_WHAT THE EXERCISE ASKS_
Keep every word of the entries and print them exactly; the pictures stay out.

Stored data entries

◆ ◆ ◆ ◆ ◆

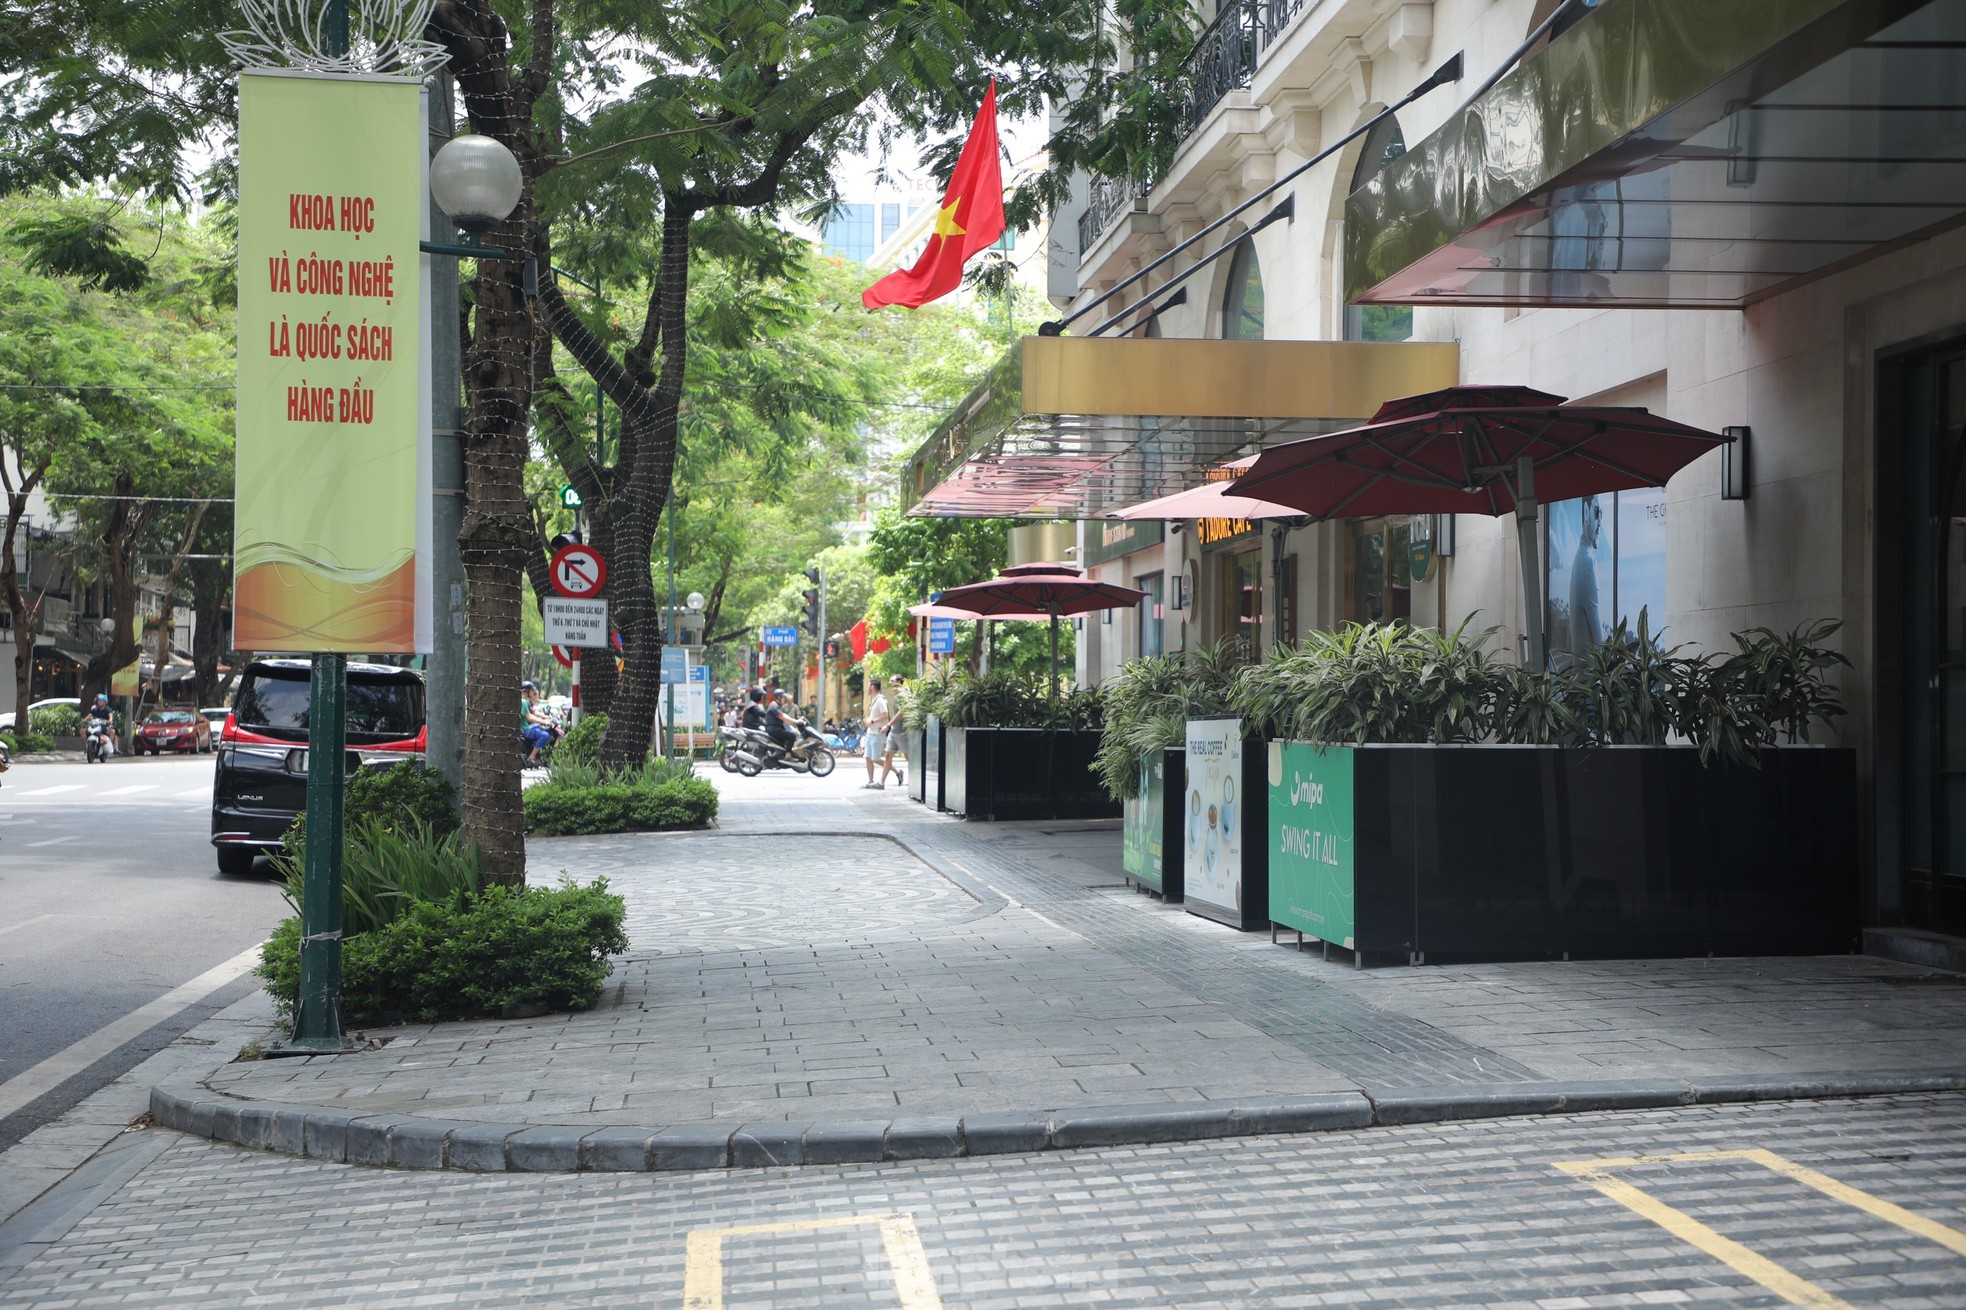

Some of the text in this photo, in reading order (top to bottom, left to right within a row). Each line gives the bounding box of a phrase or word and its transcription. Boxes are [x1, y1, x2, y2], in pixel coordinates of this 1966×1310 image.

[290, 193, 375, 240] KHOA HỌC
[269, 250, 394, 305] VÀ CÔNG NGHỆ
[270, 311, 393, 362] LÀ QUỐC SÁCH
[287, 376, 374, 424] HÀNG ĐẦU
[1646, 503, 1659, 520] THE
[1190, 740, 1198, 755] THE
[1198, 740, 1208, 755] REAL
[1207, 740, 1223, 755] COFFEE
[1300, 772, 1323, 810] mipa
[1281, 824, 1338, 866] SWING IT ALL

◆ ◆ ◆ ◆ ◆

_WRITTEN ANSWER_
Some of the text in this photo, in reading order (top to bottom, left to right within a row). Each line gives the bounding box of a phrase or word and its transcription. Boxes are [x1, y1, x2, y2], in pixel coordinates of this 1966×1310 image.

[290, 193, 375, 240] KHOA HỌC
[269, 250, 394, 305] VÀ CÔNG NGHỆ
[270, 311, 393, 362] LÀ QUỐC SÁCH
[287, 376, 374, 424] HÀNG ĐẦU
[1646, 503, 1659, 520] THE
[1190, 740, 1198, 755] THE
[1198, 740, 1208, 755] REAL
[1207, 740, 1223, 755] COFFEE
[1300, 772, 1323, 810] mipa
[1281, 824, 1338, 866] SWING IT ALL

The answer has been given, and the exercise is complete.